# What is needed:
Give back the line containing "this 1900×1424 image." along with every line after it, exactly, until the entries end.

(Free-text object descriptions)
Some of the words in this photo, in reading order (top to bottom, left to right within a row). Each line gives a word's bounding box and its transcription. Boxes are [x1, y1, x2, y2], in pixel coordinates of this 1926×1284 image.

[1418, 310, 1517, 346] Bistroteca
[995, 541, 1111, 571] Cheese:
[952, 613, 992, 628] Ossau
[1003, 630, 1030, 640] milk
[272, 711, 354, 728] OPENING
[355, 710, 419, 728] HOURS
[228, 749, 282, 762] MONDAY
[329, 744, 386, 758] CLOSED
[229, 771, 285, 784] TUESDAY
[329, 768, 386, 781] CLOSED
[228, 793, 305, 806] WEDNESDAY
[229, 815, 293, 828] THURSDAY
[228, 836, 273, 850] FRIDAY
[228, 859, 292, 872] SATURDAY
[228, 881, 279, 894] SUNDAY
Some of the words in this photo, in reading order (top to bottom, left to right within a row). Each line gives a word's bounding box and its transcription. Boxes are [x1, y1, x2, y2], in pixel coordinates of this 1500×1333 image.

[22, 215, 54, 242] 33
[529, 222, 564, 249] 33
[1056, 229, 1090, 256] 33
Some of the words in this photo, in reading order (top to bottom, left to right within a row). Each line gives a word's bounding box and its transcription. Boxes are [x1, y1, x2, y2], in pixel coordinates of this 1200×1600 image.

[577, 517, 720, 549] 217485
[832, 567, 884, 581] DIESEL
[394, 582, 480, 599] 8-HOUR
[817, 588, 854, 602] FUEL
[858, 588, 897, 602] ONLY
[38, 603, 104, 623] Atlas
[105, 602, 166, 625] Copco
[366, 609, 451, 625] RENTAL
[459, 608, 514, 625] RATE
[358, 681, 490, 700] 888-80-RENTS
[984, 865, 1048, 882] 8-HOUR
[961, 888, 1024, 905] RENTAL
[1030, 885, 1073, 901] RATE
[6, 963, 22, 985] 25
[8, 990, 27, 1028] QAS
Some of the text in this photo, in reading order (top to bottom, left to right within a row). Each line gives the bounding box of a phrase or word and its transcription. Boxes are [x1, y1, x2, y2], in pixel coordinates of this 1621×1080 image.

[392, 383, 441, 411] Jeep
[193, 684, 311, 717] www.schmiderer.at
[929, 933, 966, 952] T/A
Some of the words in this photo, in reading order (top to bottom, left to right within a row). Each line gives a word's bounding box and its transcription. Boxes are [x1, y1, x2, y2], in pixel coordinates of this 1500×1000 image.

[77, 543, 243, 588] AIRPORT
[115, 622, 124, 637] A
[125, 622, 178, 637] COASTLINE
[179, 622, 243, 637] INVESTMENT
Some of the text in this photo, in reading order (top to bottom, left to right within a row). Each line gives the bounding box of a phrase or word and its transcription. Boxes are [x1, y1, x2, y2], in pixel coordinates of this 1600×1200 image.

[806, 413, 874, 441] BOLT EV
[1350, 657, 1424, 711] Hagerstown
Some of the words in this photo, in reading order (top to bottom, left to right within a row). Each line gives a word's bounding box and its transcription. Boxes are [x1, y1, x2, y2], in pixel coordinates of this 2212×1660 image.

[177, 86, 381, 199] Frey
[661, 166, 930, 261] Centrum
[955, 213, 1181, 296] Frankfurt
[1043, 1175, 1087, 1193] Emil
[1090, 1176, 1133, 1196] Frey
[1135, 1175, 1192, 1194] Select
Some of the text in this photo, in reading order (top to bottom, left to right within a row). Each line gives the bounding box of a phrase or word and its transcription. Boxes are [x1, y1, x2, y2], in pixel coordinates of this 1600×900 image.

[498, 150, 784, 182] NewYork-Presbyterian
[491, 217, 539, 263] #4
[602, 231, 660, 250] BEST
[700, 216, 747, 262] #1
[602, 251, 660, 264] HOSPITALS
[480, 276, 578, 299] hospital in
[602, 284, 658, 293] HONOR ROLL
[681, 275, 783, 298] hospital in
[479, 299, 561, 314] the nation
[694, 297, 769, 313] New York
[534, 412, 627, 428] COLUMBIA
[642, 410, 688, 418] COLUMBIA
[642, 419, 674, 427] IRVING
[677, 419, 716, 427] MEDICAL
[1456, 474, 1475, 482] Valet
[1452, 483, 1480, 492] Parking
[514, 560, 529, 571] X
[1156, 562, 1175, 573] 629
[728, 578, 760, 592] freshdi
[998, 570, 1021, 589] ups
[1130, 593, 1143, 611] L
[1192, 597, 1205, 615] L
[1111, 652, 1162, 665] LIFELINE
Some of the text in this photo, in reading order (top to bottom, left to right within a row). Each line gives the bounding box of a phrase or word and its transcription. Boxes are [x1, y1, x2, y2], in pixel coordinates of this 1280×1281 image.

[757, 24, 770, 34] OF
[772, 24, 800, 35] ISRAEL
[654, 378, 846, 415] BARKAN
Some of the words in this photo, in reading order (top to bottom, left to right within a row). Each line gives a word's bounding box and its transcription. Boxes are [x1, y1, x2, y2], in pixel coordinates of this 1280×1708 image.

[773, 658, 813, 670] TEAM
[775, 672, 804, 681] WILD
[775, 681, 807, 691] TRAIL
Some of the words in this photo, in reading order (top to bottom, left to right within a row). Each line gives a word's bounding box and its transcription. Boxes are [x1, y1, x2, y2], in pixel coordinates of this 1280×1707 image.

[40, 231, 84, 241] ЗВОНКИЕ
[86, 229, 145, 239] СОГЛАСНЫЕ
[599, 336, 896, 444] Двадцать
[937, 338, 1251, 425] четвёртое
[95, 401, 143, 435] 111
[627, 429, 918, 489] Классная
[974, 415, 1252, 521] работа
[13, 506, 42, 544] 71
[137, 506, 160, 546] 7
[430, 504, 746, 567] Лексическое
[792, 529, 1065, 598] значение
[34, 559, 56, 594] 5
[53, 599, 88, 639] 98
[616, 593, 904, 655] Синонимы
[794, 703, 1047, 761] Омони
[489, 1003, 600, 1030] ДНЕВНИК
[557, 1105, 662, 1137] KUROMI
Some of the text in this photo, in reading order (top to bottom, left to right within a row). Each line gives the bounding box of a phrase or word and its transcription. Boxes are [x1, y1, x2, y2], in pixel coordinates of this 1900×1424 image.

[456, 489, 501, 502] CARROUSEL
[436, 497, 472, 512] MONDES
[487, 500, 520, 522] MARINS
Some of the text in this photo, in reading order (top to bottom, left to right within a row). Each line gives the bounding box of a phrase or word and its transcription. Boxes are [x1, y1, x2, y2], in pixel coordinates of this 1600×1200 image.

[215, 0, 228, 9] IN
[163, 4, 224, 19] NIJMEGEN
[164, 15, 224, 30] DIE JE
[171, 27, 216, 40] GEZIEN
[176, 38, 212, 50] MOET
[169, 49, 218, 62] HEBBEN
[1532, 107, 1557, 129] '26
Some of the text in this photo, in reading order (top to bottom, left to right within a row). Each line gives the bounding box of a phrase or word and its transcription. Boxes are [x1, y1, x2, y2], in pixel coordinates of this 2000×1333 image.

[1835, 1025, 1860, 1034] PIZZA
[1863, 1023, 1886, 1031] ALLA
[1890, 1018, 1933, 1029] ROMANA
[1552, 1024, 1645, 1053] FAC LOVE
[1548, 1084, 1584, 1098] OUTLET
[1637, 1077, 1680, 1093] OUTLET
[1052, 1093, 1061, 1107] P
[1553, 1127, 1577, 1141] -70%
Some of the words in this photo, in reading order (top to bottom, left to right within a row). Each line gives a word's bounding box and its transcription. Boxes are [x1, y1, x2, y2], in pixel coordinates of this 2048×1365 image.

# Written response:
Some of the text in this photo, in reading order (top to bottom, left to right within a row). Each line gives the bounding box of a phrase or word and its transcription. Boxes are [x1, y1, x2, y2], in pixel coordinates of this 1900×1424 image.

[456, 489, 501, 502] CARROUSEL
[436, 497, 472, 512] MONDES
[487, 500, 520, 522] MARINS
Some of the text in this photo, in reading order (top to bottom, left to right within a row). Each line gives the bounding box of a phrase or word and its transcription. Boxes are [x1, y1, x2, y2], in pixel coordinates of this 1600×1200 image.

[215, 0, 228, 9] IN
[163, 4, 224, 19] NIJMEGEN
[164, 15, 224, 30] DIE JE
[171, 27, 216, 40] GEZIEN
[176, 38, 212, 50] MOET
[169, 49, 218, 62] HEBBEN
[1532, 107, 1557, 129] '26
Some of the text in this photo, in reading order (top to bottom, left to right within a row). Each line gives the bounding box of a phrase or word and its transcription. Boxes are [x1, y1, x2, y2], in pixel coordinates of this 2000×1333 image.

[1835, 1025, 1860, 1034] PIZZA
[1863, 1023, 1886, 1031] ALLA
[1890, 1018, 1933, 1029] ROMANA
[1552, 1024, 1645, 1053] FAC LOVE
[1548, 1084, 1584, 1098] OUTLET
[1637, 1077, 1680, 1093] OUTLET
[1052, 1093, 1061, 1107] P
[1553, 1127, 1577, 1141] -70%
Some of the words in this photo, in reading order (top to bottom, left to right within a row). Each line gives a word's bounding box and its transcription. Boxes are [x1, y1, x2, y2], in pixel coordinates of this 2048×1365 image.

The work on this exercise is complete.